Tristan Robin,
« Un temps performant »
Duchamp et Beuys ont parlé de cette limite « infra-mince » entre le monde de l’usage et celui de l’image : l’un se plaisait déjà à la perturber par des chèques fabriqués – fausse valeur financière mais véritable valeur artistique –, ou par des objets utilitaires à l’esthétique zéro, construits par l’ouvrier mais transférés dans l’univers de l’art par la décision de l’artiste.
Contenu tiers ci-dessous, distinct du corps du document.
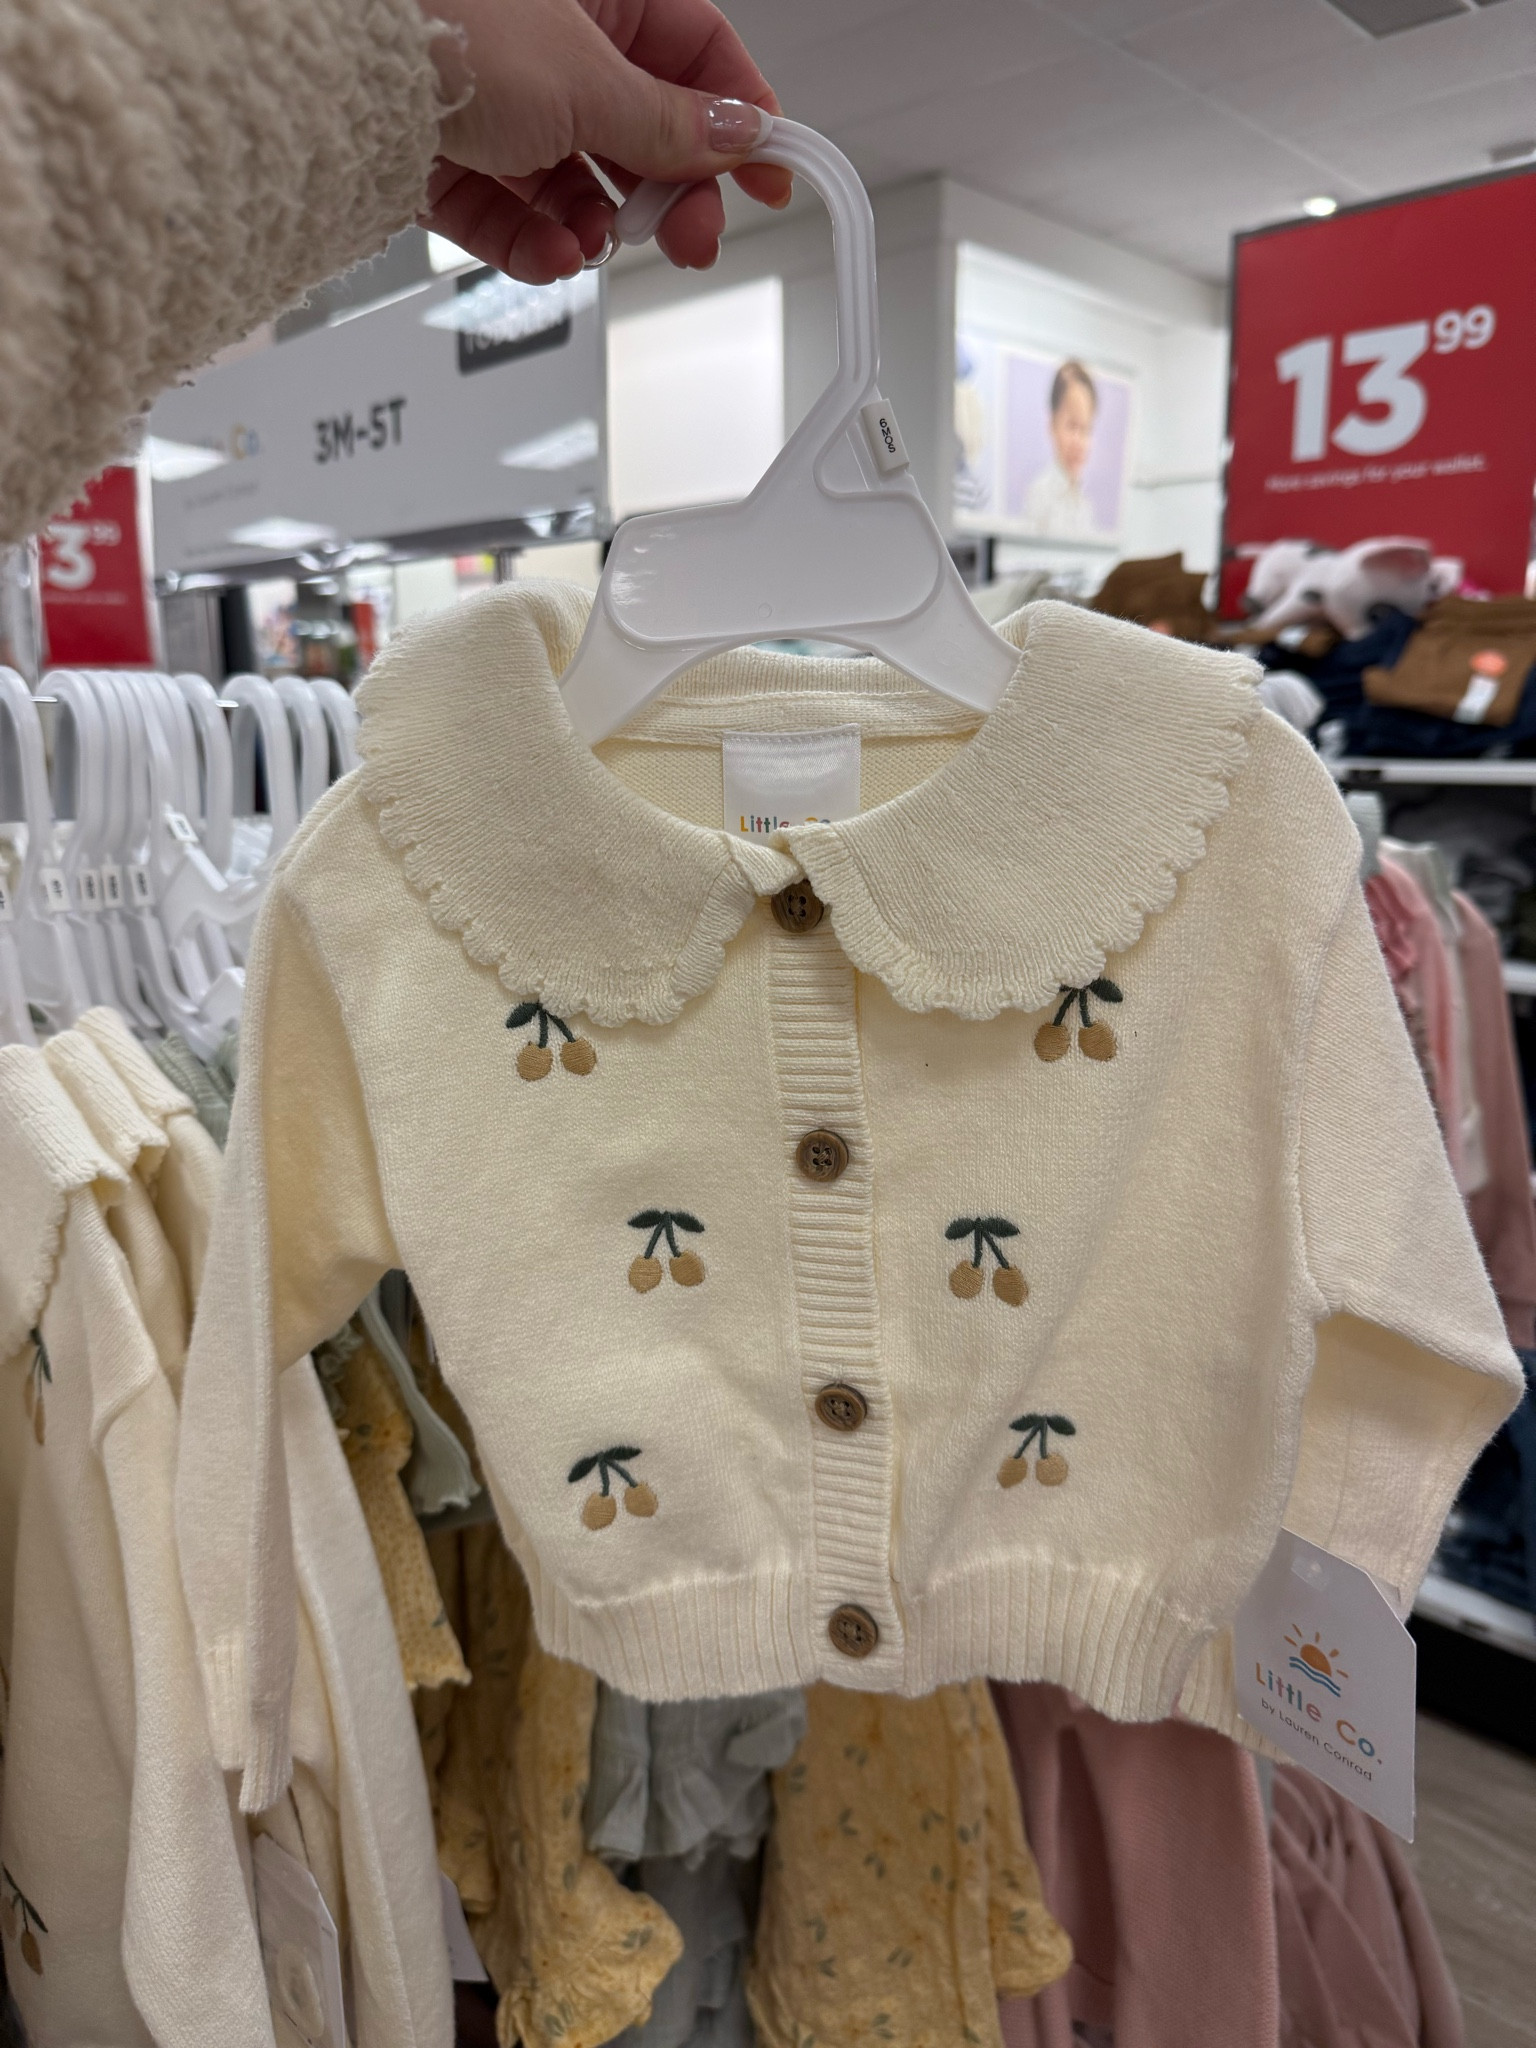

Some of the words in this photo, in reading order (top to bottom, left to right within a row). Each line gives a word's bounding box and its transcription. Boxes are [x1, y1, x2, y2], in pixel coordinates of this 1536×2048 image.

L’autre, lui-même roulant carrosse, n’a cessé de dénoncer les rapports complexes entre l’art et le capital sur un tableau noir dont les croquis de Tristan Robin se souviennent encore.
Ceux-ci sont d’ailleurs réalisés d’une main alerte et avec un évident plaisir du geste, ce qui ajoute à la question d’économie celle de l’esthétique, et brouille une fois encore les catégories.
« Un temps performant » s’inscrit dans le sillage de la réflexion que mène depuis quelques années Tristan Robin sur les images et les actions du quotidien, y compris dans l’habitat pavillonnaire et le conformisme mortifère de son « prêt-à-habiter » ; mais ce travail rejoint aussi la question des limites entre les actions quotidiennes les plus triviales et leur mise à distance par l’intervention de l’artiste.
Propos salutaire qui traite des contradictions depuis toujours inhérentes à la création artistique, lorsque les Grecs inventèrent le mot art, lui-même dérivé du verbe « faire », artein.